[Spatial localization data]
____
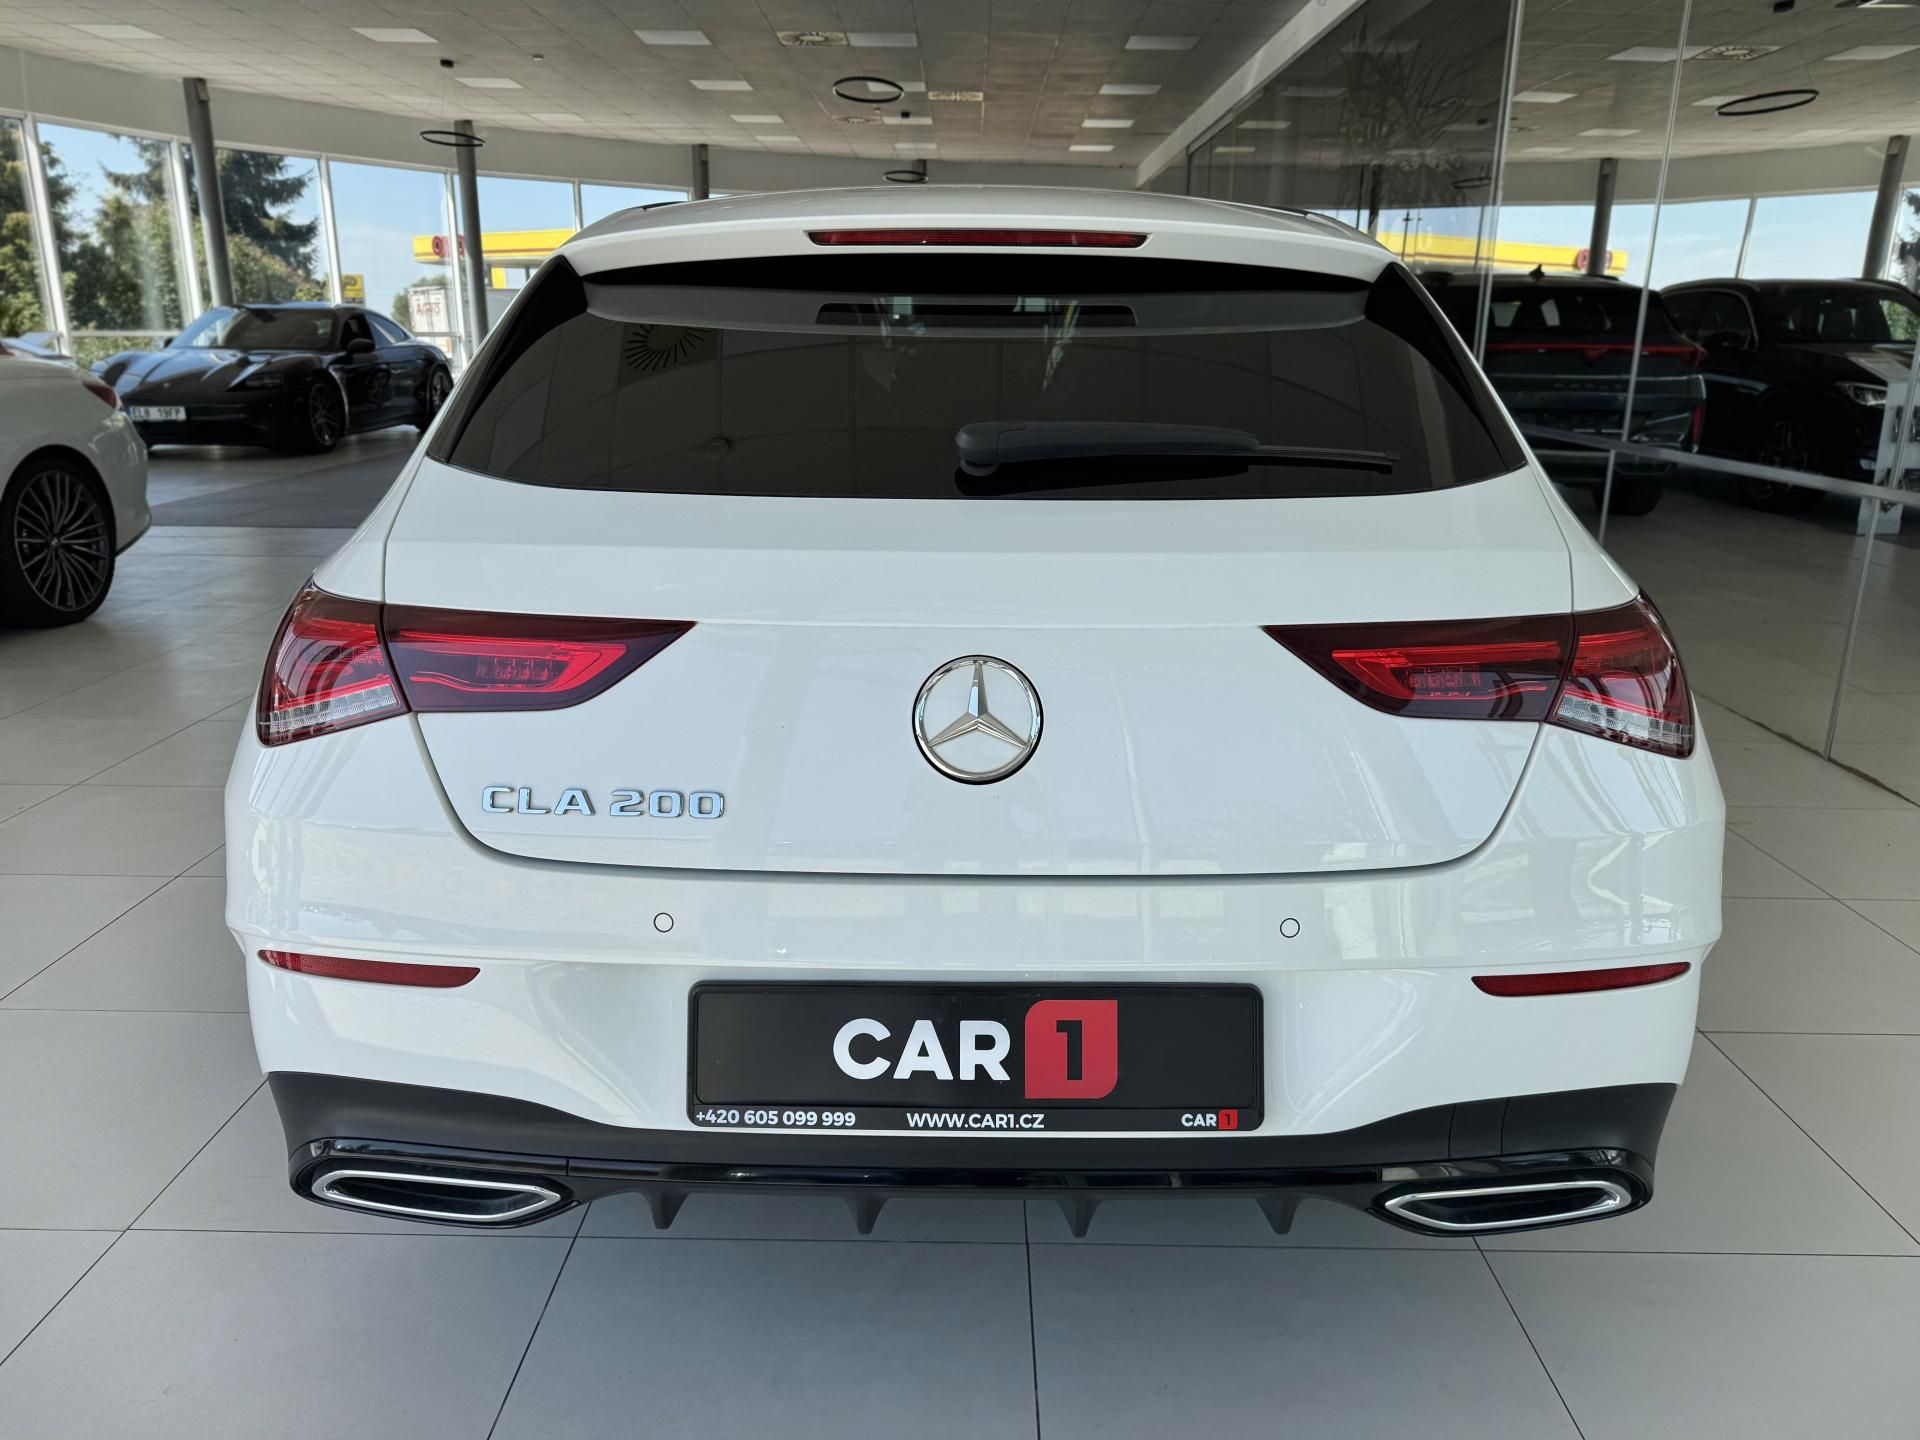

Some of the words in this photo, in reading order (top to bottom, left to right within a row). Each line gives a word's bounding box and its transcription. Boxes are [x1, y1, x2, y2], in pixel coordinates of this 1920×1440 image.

[482, 786, 596, 816] CLA
[609, 789, 725, 818] 200
[696, 1109, 740, 1125] +420
[744, 1110, 779, 1125] 605
[782, 1111, 818, 1126] 099
[821, 1111, 856, 1127] 999
[906, 1112, 1045, 1129] WWW.CAR1.CZ
____
The full set of entries should be transcribed exactly, pictures left aside.

Some of the words in this photo, in reading order (top to bottom, left to right within a row). Each line gives a word's bounding box and its transcription. Boxes are [x1, y1, x2, y2], in pixel coordinates of this 1920×1440 image.

[482, 786, 596, 816] CLA
[609, 789, 725, 818] 200
[696, 1109, 740, 1125] +420
[744, 1110, 779, 1125] 605
[782, 1111, 818, 1126] 099
[821, 1111, 856, 1127] 999
[906, 1112, 1045, 1129] WWW.CAR1.CZ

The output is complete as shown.